What is my potential liability if I am not in compliance?

With a CASp inspection, you’re entitled to the “qualified defendant” status and statutory damages are reduced to a minimum of $1,000 for each instance (visit) by the plaintiff if you can demonstrate that all construction-related violations that are the basis of a claim were corrected within 60 days of being served with the complaint.

With a CASp inspection, qualifying small businesses may opt for a 120-day grace period during which they are free from liability from statutory damages if they can correct all violations identified in the CASp report within this time period.

Without a CASp inspection, a violation provides statutory damages of $4,000 under Civil Code section 55.56; not $4,000 per each violation as previously allowed under the Unruh Act (Civil Code §52(a). If you are a qualifying small business (Civil Code § 55.56 (g)(2)(B)) and can correct all violations that are the basis of a claim within 30 days of being served with the complaint, the statutory damages are reduced to a minimum of $2,000 for each offence.

A person is denied full and equal access if the individual personally encountered the violation or the individual was deterred from accessing a place of public accommodation because of knowledge of a violation dissuaded the plaintiff. A denial of full an equal access includes instances where a person experienced difficulty, discomfort, or embarrassment because of the violation.

If you are found liable, you will be responsible for paying the plaintiff’s attorneys fees in addition to statutory damages.

Who has responsibility for ADA compliance in leased places of public accommodation, the landlord or the tenant?

While either or both can be sued, the ADA places the legal obligation to remove barriers, provide auxiliary aids and services, and maintain compliance of accessible features at a place of public accommodation on both the landlord and the tenant. The landlord and the tenant may specify within the terms of the lease who is responsible for which areas of the facility, but both remain legally responsible.

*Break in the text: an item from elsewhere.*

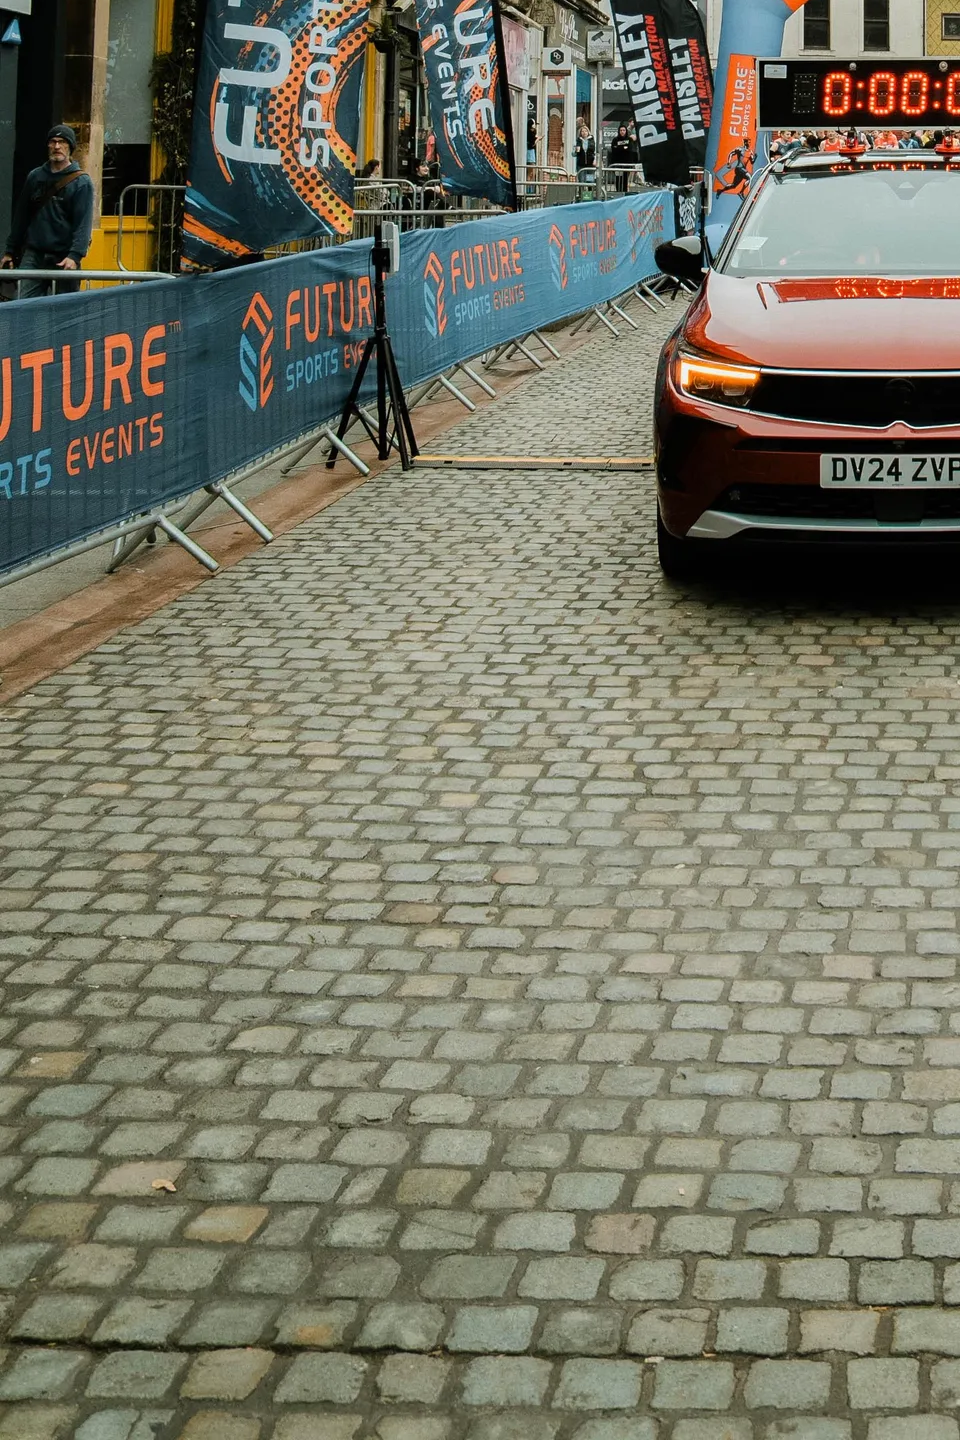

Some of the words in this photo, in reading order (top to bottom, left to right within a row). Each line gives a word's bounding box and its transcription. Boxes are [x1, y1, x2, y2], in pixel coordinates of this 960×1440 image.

Landlords (lessors) are required to disclose on every lease form or rental agreement executed on or after July 1, 2013, whether the property being leased or rented has undergone inspection by a CASp, and, if so, whether the property has or has not been determined to meet all applicable construction-related accessibility standards.

I have a CASp inspection report and certificate. What should I do now?

If your CASp inspection report has a determination of “meets applicable standards”, then the CASp has determined your facility meets applicable construction-related accessibility standards. Keep the CASp inspection report in your records and maintain the accessible features of your facility.

If your CASp inspection report has a determination of “inspected by a CASp” you should strive to adhere to your schedule for improvements to come into compliance with applicable construction-related accessibility standards. Keep the CASp inspection report in your records. After improvements to come into compliance have been made to your property, you do not need to obtain a final inspection from a CASp in order to obtain or maintain “qualified defendant” status; however, you may elect to do so to ensure that improvements were made in compliance to the applicable standards. Most important, maintain the accessible features of your facility.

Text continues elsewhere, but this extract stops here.